Sonntagsnachrichten von Radio Hizb ut-Tahrir, Provinz Syrien
29.06.2025
Schlagzeilen:
-
Parallel zur Trümmerbeseitigungskampagne: Proteste in der Provinz Idlib gegen die Auferlegung von Persönlichkeiten, die dem gestürzten Assad-Regime treu sind.
-
Das Informationsministerium dementiert Behauptungen über ein Attentat auf Präsident al-Sharaa in Daraa.
-
Dutzende Siedler stürmen die Al-Aqsa-Moschee und die Besatzungsarmee stationiert eine Militäreinheit an der Grenze zu Jordanien wegen angeblich zunehmender Bedrohungen.
Details:
Die medizinischen Fachkräfte im Al-Zahrawi-Krankenhaus in Idlib waren vor zwei Tagen überrascht von einem unangekündigten Besuch einer Verwaltungs- und internationalen Delegation der Organisation International Medical Corps (IMC) aus der syrischen Hauptstadt Damaskus, begleitet von der Landesdirektorin der Organisation in Syrien, Wafa Sadiq, die für ihre öffentlichen Positionen zur Unterstützung des syrischen Regimes bekannt ist. Der Besuch löste in den Reihen der im humanitären Sektor tätigen Mitarbeiter breite Empörung und Unmut aus, insbesondere in der Zweigstelle der Organisation in der Stadt Sarmada und in den medizinischen Zentren in der Provinz Idlib. Die Mitarbeiter bezeichneten den Besuch als einen Versuch, dem Regime treue Persönlichkeiten in sensible Positionen der humanitären Arbeit zu bringen, was einen eklatanten Verstoß gegen den Grundsatz der Unparteilichkeit und Unabhängigkeit darstellt.

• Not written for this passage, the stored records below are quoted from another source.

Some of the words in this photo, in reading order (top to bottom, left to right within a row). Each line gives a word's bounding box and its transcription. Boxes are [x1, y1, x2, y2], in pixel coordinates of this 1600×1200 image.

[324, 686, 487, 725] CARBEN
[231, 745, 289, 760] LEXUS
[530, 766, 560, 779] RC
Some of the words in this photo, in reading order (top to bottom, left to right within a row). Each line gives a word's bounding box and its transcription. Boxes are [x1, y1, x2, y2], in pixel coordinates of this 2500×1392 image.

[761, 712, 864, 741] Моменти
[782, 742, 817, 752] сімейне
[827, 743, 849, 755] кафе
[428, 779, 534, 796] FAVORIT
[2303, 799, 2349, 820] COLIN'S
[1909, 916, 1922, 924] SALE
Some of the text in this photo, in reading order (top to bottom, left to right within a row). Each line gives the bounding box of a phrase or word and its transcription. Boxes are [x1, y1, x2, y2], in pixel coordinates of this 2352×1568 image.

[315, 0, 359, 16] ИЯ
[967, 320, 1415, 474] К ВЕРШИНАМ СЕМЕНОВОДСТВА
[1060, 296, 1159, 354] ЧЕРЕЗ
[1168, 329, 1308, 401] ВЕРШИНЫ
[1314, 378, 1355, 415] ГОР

Laut zuverlässigen Quellen vor Ort übte die Verwaltung der Organisation direkten Druck aus, indem sie den lokalen Mitarbeitern drohte, die vollständige Unterstützung für Syrien einzustellen, falls sie die Ernennung von Wafa Sadiq (britische Staatsbürgerin syrischer Herkunft) und ihrem Stellvertreter Ghassan Al-Saloum (libanesische Staatsbürgerschaft) ablehnten, und bezeichnete dies als "einzige und unersetzliche Option". Als deutliche Reaktion auf diese Politik organisierten die Mitarbeiter des Al-Zahrawi-Krankenhauses gleichzeitig mit der Ankunft der Delegation in der Stadt Idlib eine friedliche Mahnwache, bei der die Mitarbeiter ihren Protest und ihre kategorische Ablehnung dieses Besuchs zum Ausdruck brachten, was die Delegation dazu veranlasste, in den Autos zu bleiben und nicht ins Feld zu gehen. Die Demonstranten trugen Schilder in arabischer und englischer Sprache mit prominenten Slogans wie: "Humanität ist unteilbar" und "Kein Platz für Parteilichkeit in einem humanitären Arbeitsumfeld". Die Demonstranten betonten, dass die Übernahme dieser Position durch Wafa Sadiq trotz ihrer offenkundigen Unterstützung des syrischen Regimes eine Beleidigung für die Opfer der syrischen Revolution und eine Verleugnung des Leids des syrischen Volkes darstellt, und verwiesen auf frühere Äußerungen von ihr, in denen sie den Einsatz von Fassbomben gegen Zivilisten rechtfertigte und die Revolutionäre als "Terroristen" bezeichnete.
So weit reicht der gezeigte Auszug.